What needs to be done:
Every record here must be set down once more, precisely as it reads.

--------

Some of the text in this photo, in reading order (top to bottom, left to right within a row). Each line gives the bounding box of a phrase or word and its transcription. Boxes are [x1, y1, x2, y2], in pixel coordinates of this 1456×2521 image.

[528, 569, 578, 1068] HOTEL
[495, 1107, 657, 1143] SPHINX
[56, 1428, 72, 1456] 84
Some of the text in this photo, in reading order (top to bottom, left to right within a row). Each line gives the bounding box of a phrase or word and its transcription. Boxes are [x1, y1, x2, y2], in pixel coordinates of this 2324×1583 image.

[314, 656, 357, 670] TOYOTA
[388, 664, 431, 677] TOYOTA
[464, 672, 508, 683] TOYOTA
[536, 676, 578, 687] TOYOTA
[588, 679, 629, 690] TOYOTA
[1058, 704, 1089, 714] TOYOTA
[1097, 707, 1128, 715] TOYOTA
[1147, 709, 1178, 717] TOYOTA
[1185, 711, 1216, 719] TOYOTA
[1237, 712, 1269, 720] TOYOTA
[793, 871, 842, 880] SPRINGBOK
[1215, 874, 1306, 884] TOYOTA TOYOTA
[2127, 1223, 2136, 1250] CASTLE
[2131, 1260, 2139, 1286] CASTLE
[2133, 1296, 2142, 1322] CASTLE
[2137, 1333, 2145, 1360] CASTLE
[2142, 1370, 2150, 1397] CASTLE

--------

Result of the exercise:
Some of the text in this photo, in reading order (top to bottom, left to right within a row). Each line gives the bounding box of a phrase or word and its transcription. Boxes are [x1, y1, x2, y2], in pixel coordinates of this 1456×2521 image.

[528, 569, 578, 1068] HOTEL
[495, 1107, 657, 1143] SPHINX
[56, 1428, 72, 1456] 84
Some of the text in this photo, in reading order (top to bottom, left to right within a row). Each line gives the bounding box of a phrase or word and its transcription. Boxes are [x1, y1, x2, y2], in pixel coordinates of this 2324×1583 image.

[314, 656, 357, 670] TOYOTA
[388, 664, 431, 677] TOYOTA
[464, 672, 508, 683] TOYOTA
[536, 676, 578, 687] TOYOTA
[588, 679, 629, 690] TOYOTA
[1058, 704, 1089, 714] TOYOTA
[1097, 707, 1128, 715] TOYOTA
[1147, 709, 1178, 717] TOYOTA
[1185, 711, 1216, 719] TOYOTA
[1237, 712, 1269, 720] TOYOTA
[793, 871, 842, 880] SPRINGBOK
[1215, 874, 1306, 884] TOYOTA TOYOTA
[2127, 1223, 2136, 1250] CASTLE
[2131, 1260, 2139, 1286] CASTLE
[2133, 1296, 2142, 1322] CASTLE
[2137, 1333, 2145, 1360] CASTLE
[2142, 1370, 2150, 1397] CASTLE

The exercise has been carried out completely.